Sometime around this week marks one year that I’ve been back home in the Bay Area. It’s been the best year of my life.
My work is going well, I now live around 30 miles from two of my sisters and just around an hour and a half from my parents, I’ve finally cleaned the house, I have my home network up (with a real firewall and my home domain), I have an entertainment system (with a TV), and I’ve read a good number of books this year–which I have enjoyed discussing with friends.
Add local talks to this (Sam Harris), the local meetups (Ruby, Overcoming Bias, Reddit, etc.) and you have a fairly solid list of things to be happy about.
On top of this win pile is the fact that Susan–after six months of struggling–is starting to really like it here. She’s getting used to the rude people, the bad drivers, and the highs are starting to pop against that background.
Then there is the food, our new friends, and the food. Susan prefers that we mention food twice if I mention it at all.
Soon I’ll be starting to cook for myself instead of eating every meal out (a first in my life), I may get into Jujitsu again with a new friend who’s joining the team from San Francisco, and I’m about to dive into photography. I think my table tennis rating has risen since arriving, and I intend to enter 1-5 tournaments this year–hopefully breaking the 1500 mark for the first time and perhaps making it to 1700 or so.
To sum, I’m happy.
It feels distinctly as if the last 18 years of my life have been preparing for a life that was supposed to come. And now it has. This is the life I wanted, and with the generous help of chance, I built it. I’m home in San Francisco with a great job and great friends (Georgia, California, Scattered Everywhere), and life has presented itself as an opportunity–just as I imagined it would.

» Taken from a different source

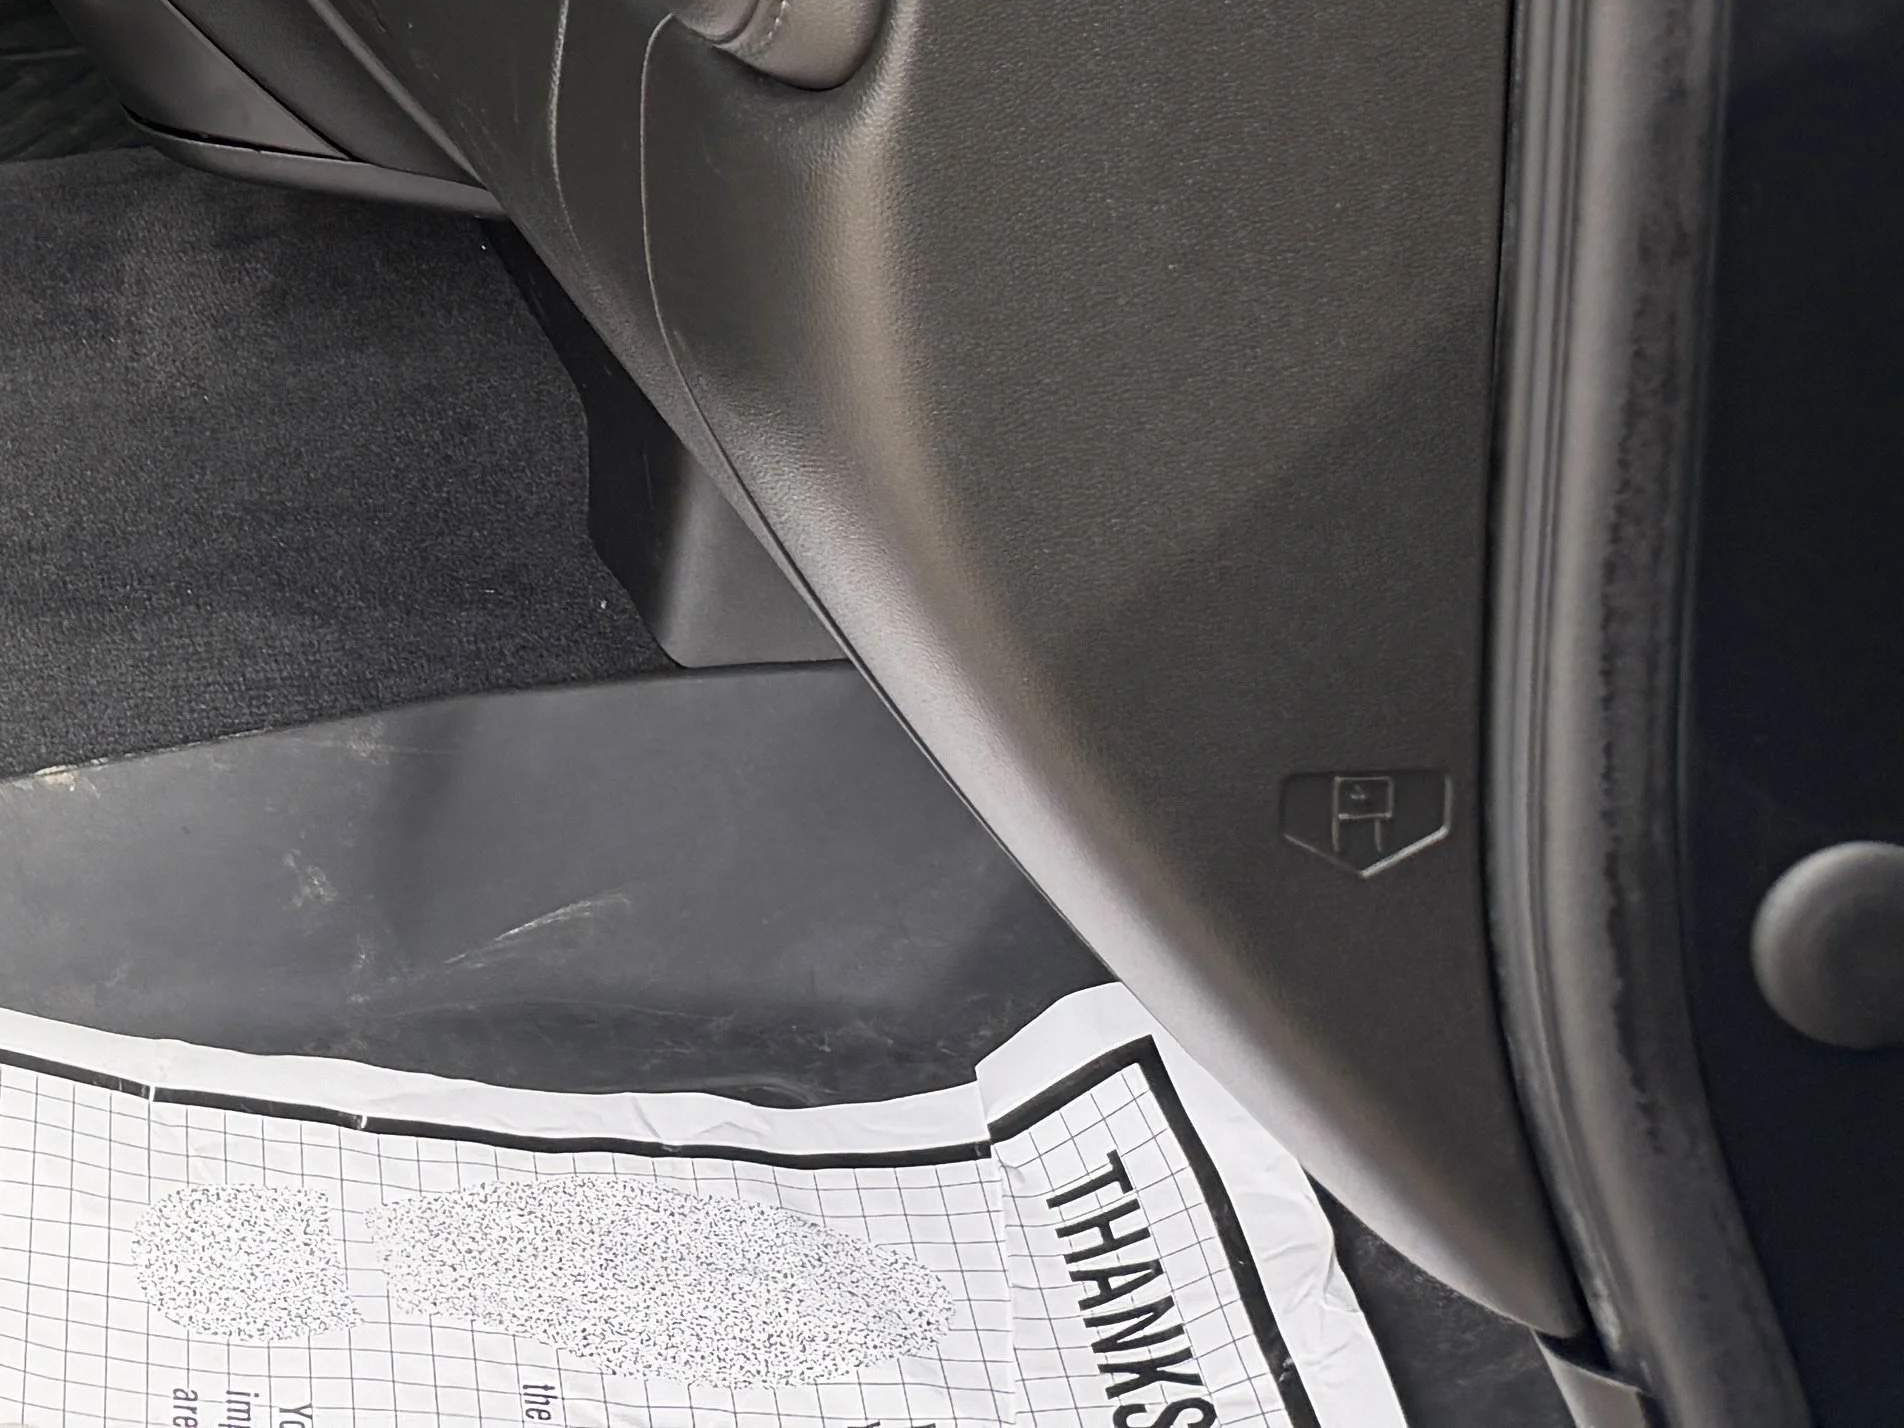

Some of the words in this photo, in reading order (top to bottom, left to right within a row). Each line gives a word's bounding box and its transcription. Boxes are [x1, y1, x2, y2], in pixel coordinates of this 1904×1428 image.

I omitted astronomy in my list of pursuits, but that was only so that I could mention it now. Astronomy makes me feel even more thankful. When I look at a distant star or a distant planet, I don’t think of it as far away. Everything is far away until you get there. People don’t really believe Jupiter is 45 light minutes away–just as they are surprised to see their old home town bustling along after an extended absence.
It’s the same with happiness and suffering for me. They are not far away. When you use a telescope and contemplate time and distance, you realize this. The phenomenal Thai restaurant in SF is the same distance from me as Congo. My luck comes in the form of my brain convincing me otherwise.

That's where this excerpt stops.